Dataset entries:
····················

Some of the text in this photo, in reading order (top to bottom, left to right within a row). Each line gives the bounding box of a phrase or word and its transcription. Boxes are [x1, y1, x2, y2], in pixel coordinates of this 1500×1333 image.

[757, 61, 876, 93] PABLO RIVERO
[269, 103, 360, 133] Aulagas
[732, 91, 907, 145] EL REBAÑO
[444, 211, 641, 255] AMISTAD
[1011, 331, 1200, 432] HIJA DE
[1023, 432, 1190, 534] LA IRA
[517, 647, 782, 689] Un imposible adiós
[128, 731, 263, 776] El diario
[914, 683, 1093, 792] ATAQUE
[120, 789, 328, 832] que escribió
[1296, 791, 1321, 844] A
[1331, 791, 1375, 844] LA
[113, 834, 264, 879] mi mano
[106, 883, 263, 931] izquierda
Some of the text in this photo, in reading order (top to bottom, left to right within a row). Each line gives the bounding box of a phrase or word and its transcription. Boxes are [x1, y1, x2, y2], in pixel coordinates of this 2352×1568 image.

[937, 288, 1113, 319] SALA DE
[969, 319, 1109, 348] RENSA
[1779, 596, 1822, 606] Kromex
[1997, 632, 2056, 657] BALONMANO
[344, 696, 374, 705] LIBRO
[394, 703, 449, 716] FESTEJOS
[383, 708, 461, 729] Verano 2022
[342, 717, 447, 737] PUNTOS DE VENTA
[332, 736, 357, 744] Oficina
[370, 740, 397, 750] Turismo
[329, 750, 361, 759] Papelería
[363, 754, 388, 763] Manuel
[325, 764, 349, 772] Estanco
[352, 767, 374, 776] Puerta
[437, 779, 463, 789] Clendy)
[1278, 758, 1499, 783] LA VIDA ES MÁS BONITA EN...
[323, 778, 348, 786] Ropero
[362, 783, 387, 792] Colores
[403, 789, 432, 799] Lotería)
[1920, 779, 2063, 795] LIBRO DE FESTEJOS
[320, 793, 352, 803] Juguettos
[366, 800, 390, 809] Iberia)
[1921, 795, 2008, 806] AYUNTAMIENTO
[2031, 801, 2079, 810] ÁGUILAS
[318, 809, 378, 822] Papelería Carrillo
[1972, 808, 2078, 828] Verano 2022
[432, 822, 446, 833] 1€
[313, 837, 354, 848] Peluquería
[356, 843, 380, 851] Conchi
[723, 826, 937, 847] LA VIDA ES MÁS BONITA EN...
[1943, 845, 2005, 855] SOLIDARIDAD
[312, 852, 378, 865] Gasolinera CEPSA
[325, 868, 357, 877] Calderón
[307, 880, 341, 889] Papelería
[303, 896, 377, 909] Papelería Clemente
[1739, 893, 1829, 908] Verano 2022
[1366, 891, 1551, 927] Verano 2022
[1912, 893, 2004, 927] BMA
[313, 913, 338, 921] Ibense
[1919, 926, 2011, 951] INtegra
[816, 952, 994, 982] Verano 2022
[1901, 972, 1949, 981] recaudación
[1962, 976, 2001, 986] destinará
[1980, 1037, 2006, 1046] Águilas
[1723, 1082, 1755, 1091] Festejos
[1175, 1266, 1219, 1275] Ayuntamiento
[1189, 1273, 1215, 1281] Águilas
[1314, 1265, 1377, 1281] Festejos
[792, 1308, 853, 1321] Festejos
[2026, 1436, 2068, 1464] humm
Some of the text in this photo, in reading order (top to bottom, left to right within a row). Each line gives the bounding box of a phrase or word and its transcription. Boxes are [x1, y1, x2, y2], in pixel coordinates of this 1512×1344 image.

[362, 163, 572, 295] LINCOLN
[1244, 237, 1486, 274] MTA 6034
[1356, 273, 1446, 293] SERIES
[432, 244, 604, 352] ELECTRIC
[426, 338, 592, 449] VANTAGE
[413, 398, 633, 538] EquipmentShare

····················

- _About this exercise_
In full and without alteration, transcribe the entries above.

- _Problem solution_
Some of the text in this photo, in reading order (top to bottom, left to right within a row). Each line gives the bounding box of a phrase or word and its transcription. Boxes are [x1, y1, x2, y2], in pixel coordinates of this 1500×1333 image.

[757, 61, 876, 93] PABLO RIVERO
[269, 103, 360, 133] Aulagas
[732, 91, 907, 145] EL REBAÑO
[444, 211, 641, 255] AMISTAD
[1011, 331, 1200, 432] HIJA DE
[1023, 432, 1190, 534] LA IRA
[517, 647, 782, 689] Un imposible adiós
[128, 731, 263, 776] El diario
[914, 683, 1093, 792] ATAQUE
[120, 789, 328, 832] que escribió
[1296, 791, 1321, 844] A
[1331, 791, 1375, 844] LA
[113, 834, 264, 879] mi mano
[106, 883, 263, 931] izquierda
Some of the text in this photo, in reading order (top to bottom, left to right within a row). Each line gives the bounding box of a phrase or word and its transcription. Boxes are [x1, y1, x2, y2], in pixel coordinates of this 2352×1568 image.

[937, 288, 1113, 319] SALA DE
[969, 319, 1109, 348] RENSA
[1779, 596, 1822, 606] Kromex
[1997, 632, 2056, 657] BALONMANO
[344, 696, 374, 705] LIBRO
[394, 703, 449, 716] FESTEJOS
[383, 708, 461, 729] Verano 2022
[342, 717, 447, 737] PUNTOS DE VENTA
[332, 736, 357, 744] Oficina
[370, 740, 397, 750] Turismo
[329, 750, 361, 759] Papelería
[363, 754, 388, 763] Manuel
[325, 764, 349, 772] Estanco
[352, 767, 374, 776] Puerta
[437, 779, 463, 789] Clendy)
[1278, 758, 1499, 783] LA VIDA ES MÁS BONITA EN...
[323, 778, 348, 786] Ropero
[362, 783, 387, 792] Colores
[403, 789, 432, 799] Lotería)
[1920, 779, 2063, 795] LIBRO DE FESTEJOS
[320, 793, 352, 803] Juguettos
[366, 800, 390, 809] Iberia)
[1921, 795, 2008, 806] AYUNTAMIENTO
[2031, 801, 2079, 810] ÁGUILAS
[318, 809, 378, 822] Papelería Carrillo
[1972, 808, 2078, 828] Verano 2022
[432, 822, 446, 833] 1€
[313, 837, 354, 848] Peluquería
[356, 843, 380, 851] Conchi
[723, 826, 937, 847] LA VIDA ES MÁS BONITA EN...
[1943, 845, 2005, 855] SOLIDARIDAD
[312, 852, 378, 865] Gasolinera CEPSA
[325, 868, 357, 877] Calderón
[307, 880, 341, 889] Papelería
[303, 896, 377, 909] Papelería Clemente
[1739, 893, 1829, 908] Verano 2022
[1366, 891, 1551, 927] Verano 2022
[1912, 893, 2004, 927] BMA
[313, 913, 338, 921] Ibense
[1919, 926, 2011, 951] INtegra
[816, 952, 994, 982] Verano 2022
[1901, 972, 1949, 981] recaudación
[1962, 976, 2001, 986] destinará
[1980, 1037, 2006, 1046] Águilas
[1723, 1082, 1755, 1091] Festejos
[1175, 1266, 1219, 1275] Ayuntamiento
[1189, 1273, 1215, 1281] Águilas
[1314, 1265, 1377, 1281] Festejos
[792, 1308, 853, 1321] Festejos
[2026, 1436, 2068, 1464] humm
Some of the text in this photo, in reading order (top to bottom, left to right within a row). Each line gives the bounding box of a phrase or word and its transcription. Boxes are [x1, y1, x2, y2], in pixel coordinates of this 1512×1344 image.

[362, 163, 572, 295] LINCOLN
[1244, 237, 1486, 274] MTA 6034
[1356, 273, 1446, 293] SERIES
[432, 244, 604, 352] ELECTRIC
[426, 338, 592, 449] VANTAGE
[413, 398, 633, 538] EquipmentShare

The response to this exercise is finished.